> _Entries shown_
● ● ● ● ● ● ●
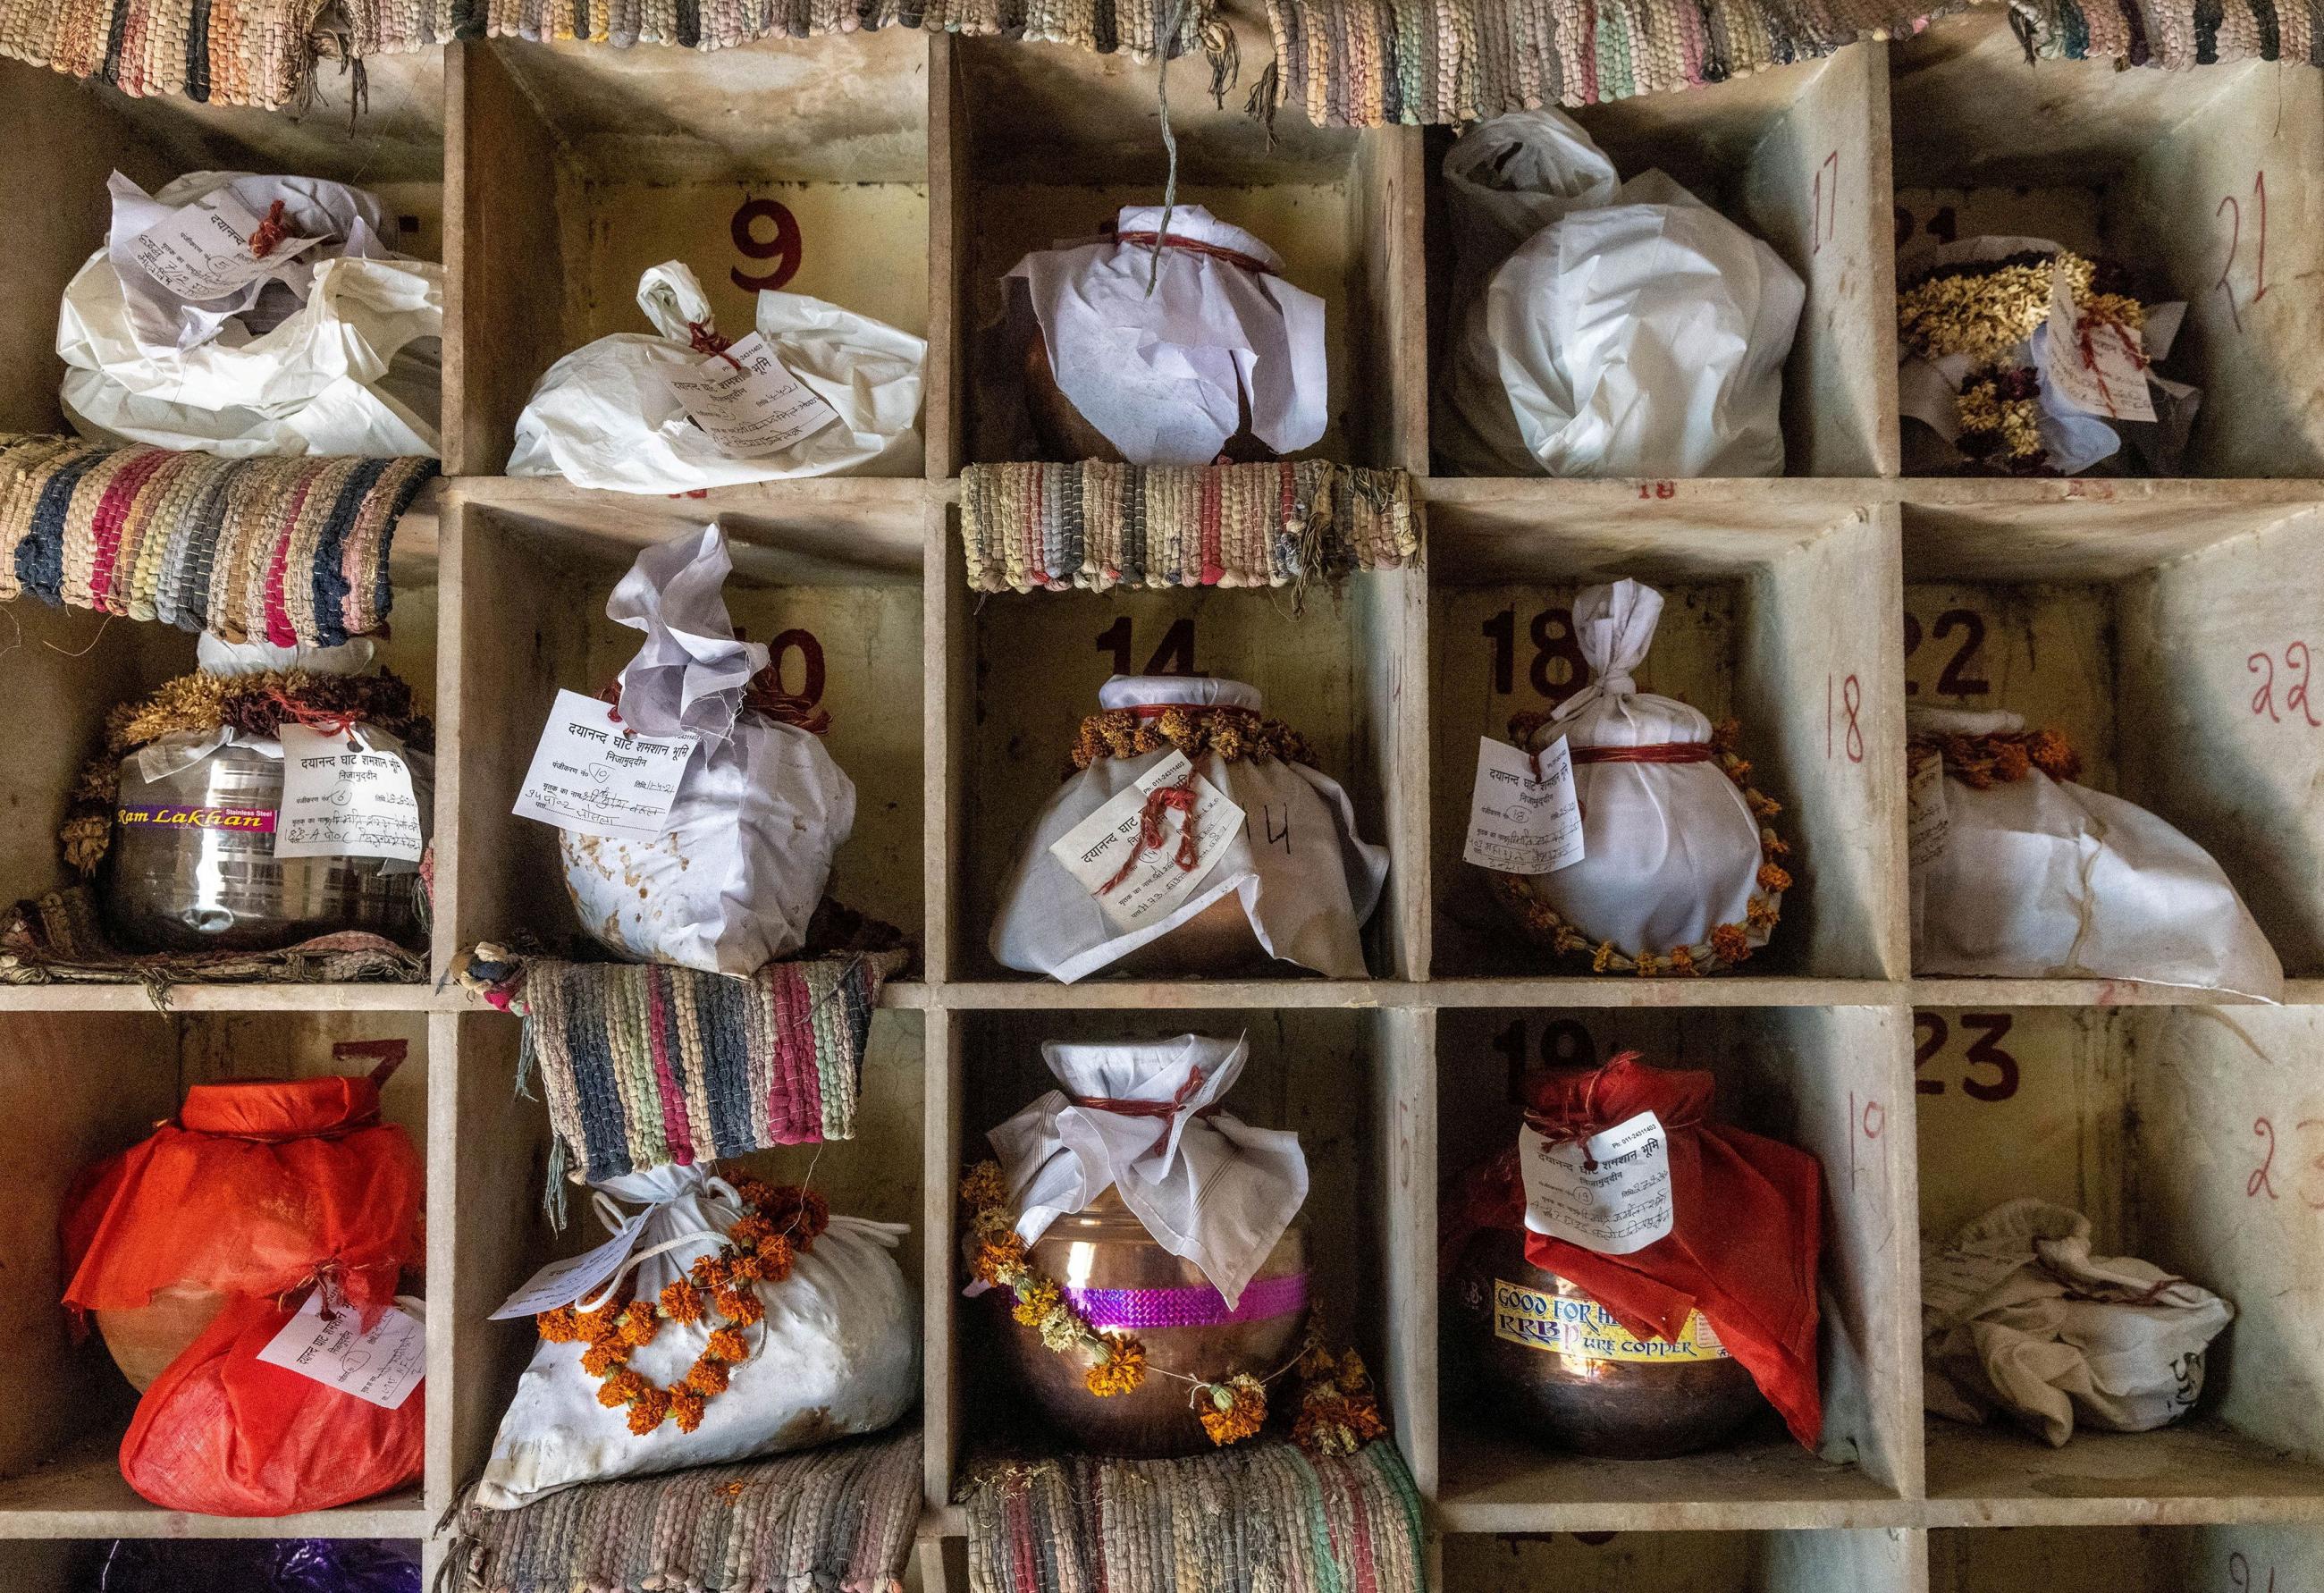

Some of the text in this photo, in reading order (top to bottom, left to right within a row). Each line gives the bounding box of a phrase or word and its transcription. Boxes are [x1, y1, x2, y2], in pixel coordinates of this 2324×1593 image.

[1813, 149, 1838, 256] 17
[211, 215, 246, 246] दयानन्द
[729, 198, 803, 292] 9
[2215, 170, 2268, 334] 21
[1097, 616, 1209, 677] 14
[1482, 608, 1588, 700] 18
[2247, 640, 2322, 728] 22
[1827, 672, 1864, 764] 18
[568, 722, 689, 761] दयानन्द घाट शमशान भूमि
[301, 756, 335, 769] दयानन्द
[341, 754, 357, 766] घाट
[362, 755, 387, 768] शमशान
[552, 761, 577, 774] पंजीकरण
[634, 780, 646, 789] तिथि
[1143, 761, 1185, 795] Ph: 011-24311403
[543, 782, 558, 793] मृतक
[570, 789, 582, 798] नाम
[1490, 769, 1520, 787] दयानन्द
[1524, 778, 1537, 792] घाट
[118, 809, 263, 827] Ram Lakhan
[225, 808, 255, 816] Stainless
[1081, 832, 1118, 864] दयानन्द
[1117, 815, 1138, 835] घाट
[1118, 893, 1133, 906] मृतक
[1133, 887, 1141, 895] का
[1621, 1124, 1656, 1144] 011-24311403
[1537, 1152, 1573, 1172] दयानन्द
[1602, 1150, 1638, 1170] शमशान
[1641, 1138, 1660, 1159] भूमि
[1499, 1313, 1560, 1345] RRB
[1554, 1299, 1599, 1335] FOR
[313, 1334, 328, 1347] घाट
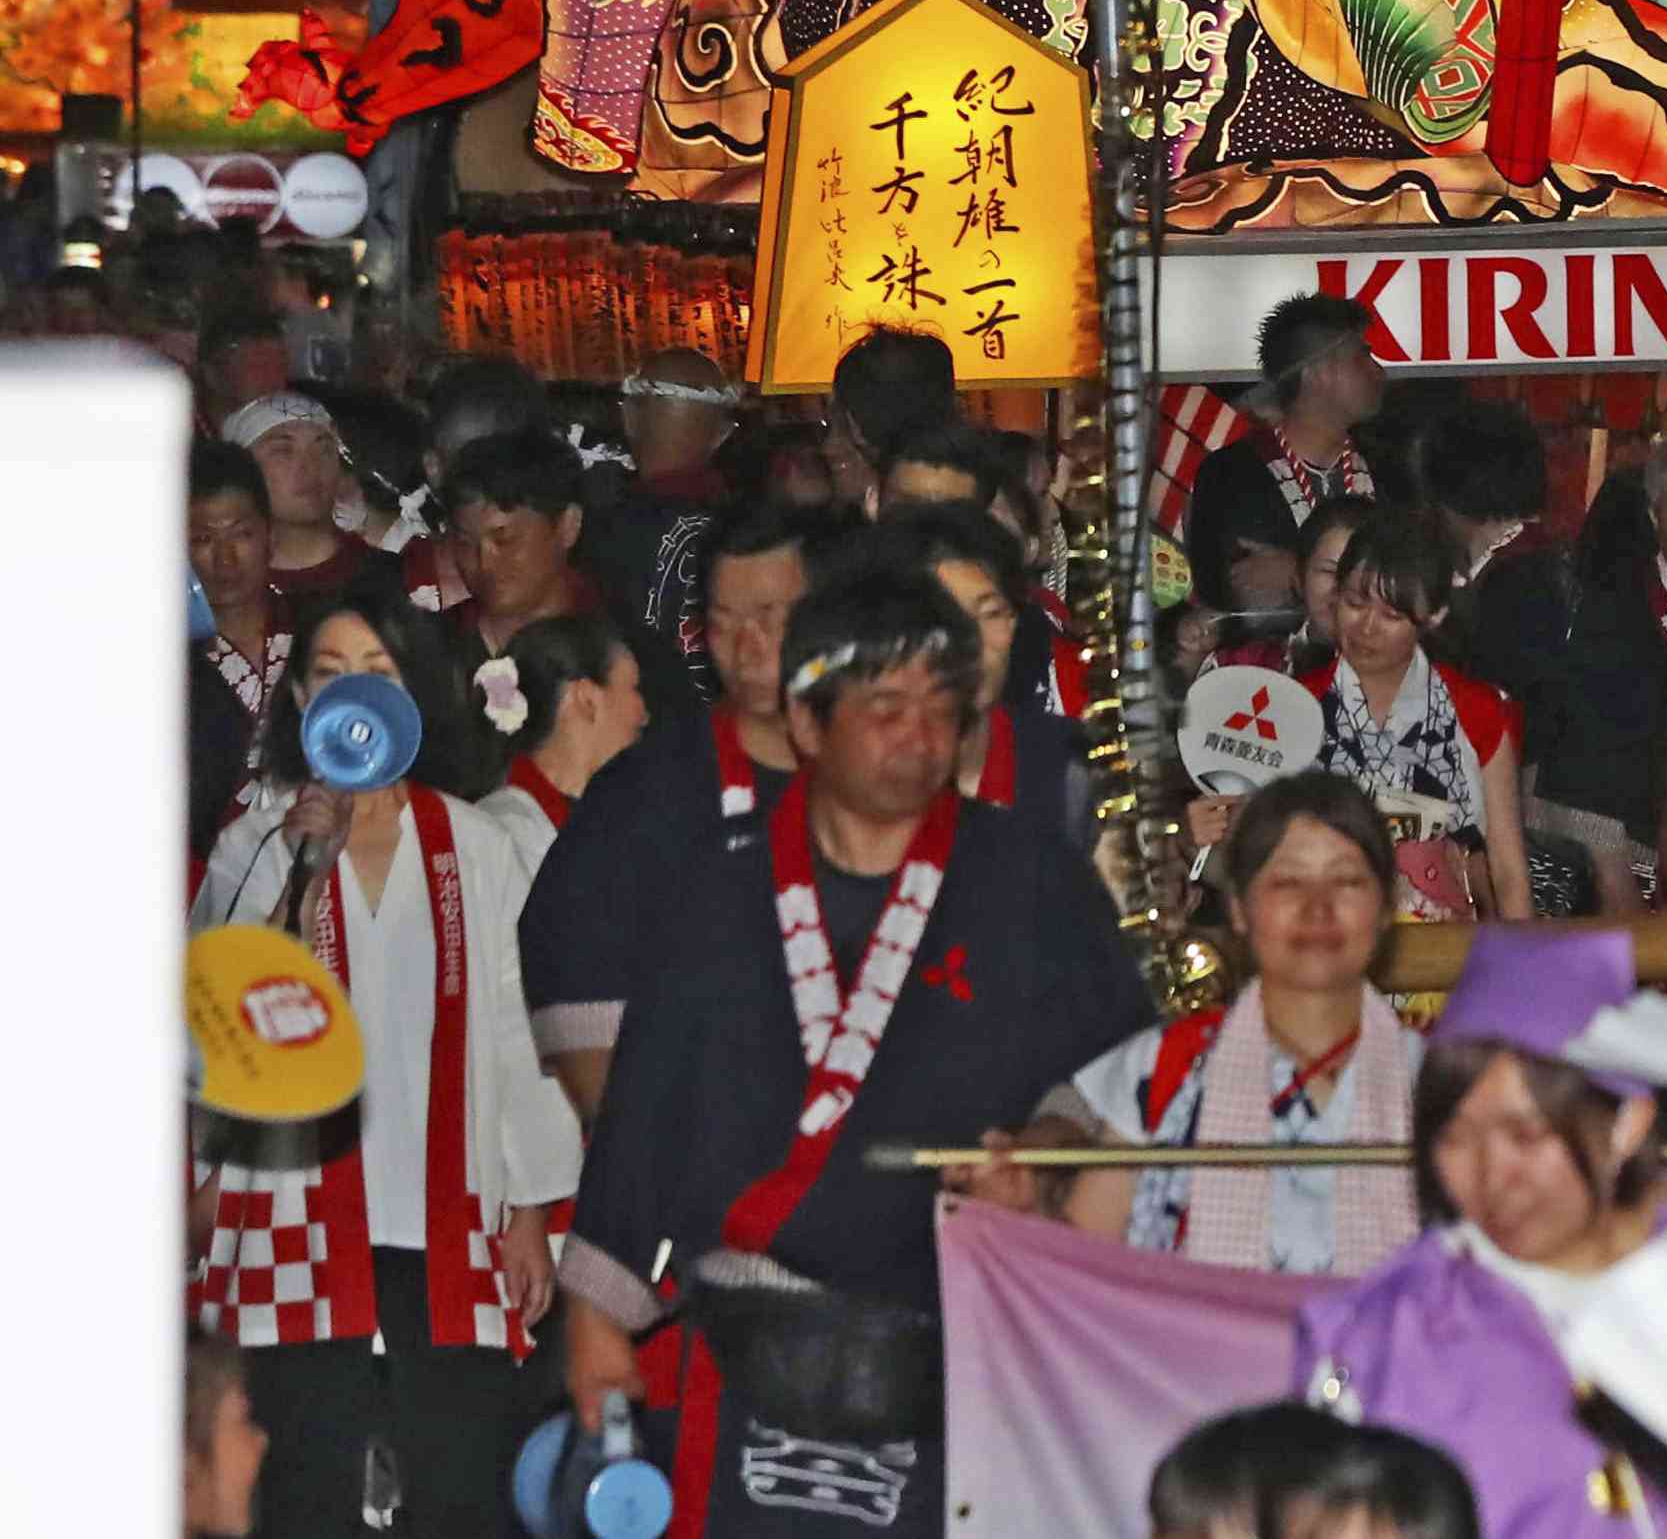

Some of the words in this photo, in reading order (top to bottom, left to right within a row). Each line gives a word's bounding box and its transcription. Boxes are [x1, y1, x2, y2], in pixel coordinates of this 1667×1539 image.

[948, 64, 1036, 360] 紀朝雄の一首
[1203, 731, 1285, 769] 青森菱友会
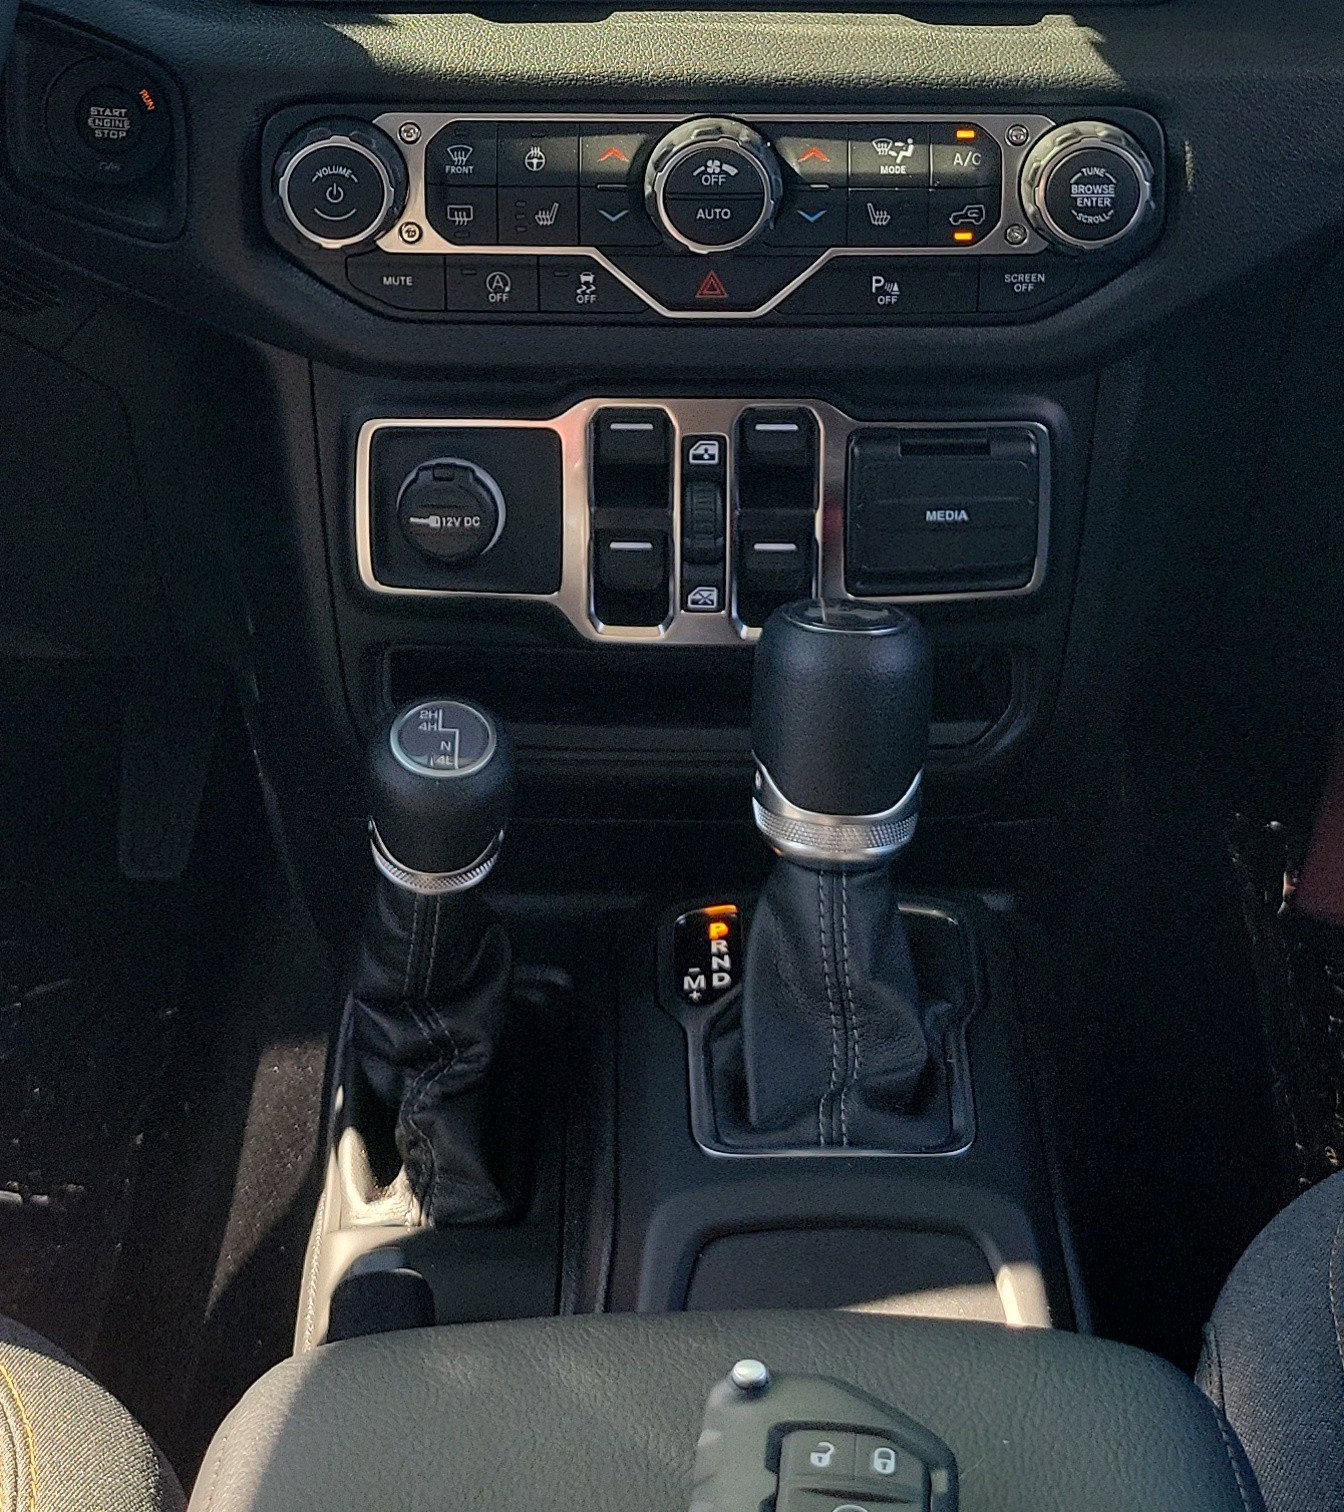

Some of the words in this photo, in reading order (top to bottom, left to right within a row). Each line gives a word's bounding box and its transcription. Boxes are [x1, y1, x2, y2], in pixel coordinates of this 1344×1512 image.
● ● ● ● ● ● ●
> _Exercise instructions_
From the first line to the last, return the material above exactly, apart from the pictures.

> _Task result_
Some of the text in this photo, in reading order (top to bottom, left to right within a row). Each line gives the bounding box of a phrase or word and its transcription. Boxes are [x1, y1, x2, y2], in pixel coordinates of this 2324×1593 image.

[1813, 149, 1838, 256] 17
[211, 215, 246, 246] दयानन्द
[729, 198, 803, 292] 9
[2215, 170, 2268, 334] 21
[1097, 616, 1209, 677] 14
[1482, 608, 1588, 700] 18
[2247, 640, 2322, 728] 22
[1827, 672, 1864, 764] 18
[568, 722, 689, 761] दयानन्द घाट शमशान भूमि
[301, 756, 335, 769] दयानन्द
[341, 754, 357, 766] घाट
[362, 755, 387, 768] शमशान
[552, 761, 577, 774] पंजीकरण
[634, 780, 646, 789] तिथि
[1143, 761, 1185, 795] Ph: 011-24311403
[543, 782, 558, 793] मृतक
[570, 789, 582, 798] नाम
[1490, 769, 1520, 787] दयानन्द
[1524, 778, 1537, 792] घाट
[118, 809, 263, 827] Ram Lakhan
[225, 808, 255, 816] Stainless
[1081, 832, 1118, 864] दयानन्द
[1117, 815, 1138, 835] घाट
[1118, 893, 1133, 906] मृतक
[1133, 887, 1141, 895] का
[1621, 1124, 1656, 1144] 011-24311403
[1537, 1152, 1573, 1172] दयानन्द
[1602, 1150, 1638, 1170] शमशान
[1641, 1138, 1660, 1159] भूमि
[1499, 1313, 1560, 1345] RRB
[1554, 1299, 1599, 1335] FOR
[313, 1334, 328, 1347] घाट

Some of the words in this photo, in reading order (top to bottom, left to right within a row). Each line gives a word's bounding box and its transcription. Boxes are [x1, y1, x2, y2], in pixel coordinates of this 1667×1539 image.

[948, 64, 1036, 360] 紀朝雄の一首
[1203, 731, 1285, 769] 青森菱友会

Some of the words in this photo, in reading order (top to bottom, left to right within a row). Each line gives a word's bounding box and its transcription. Boxes are [x1, y1, x2, y2], in pixel coordinates of this 1344×1512 image.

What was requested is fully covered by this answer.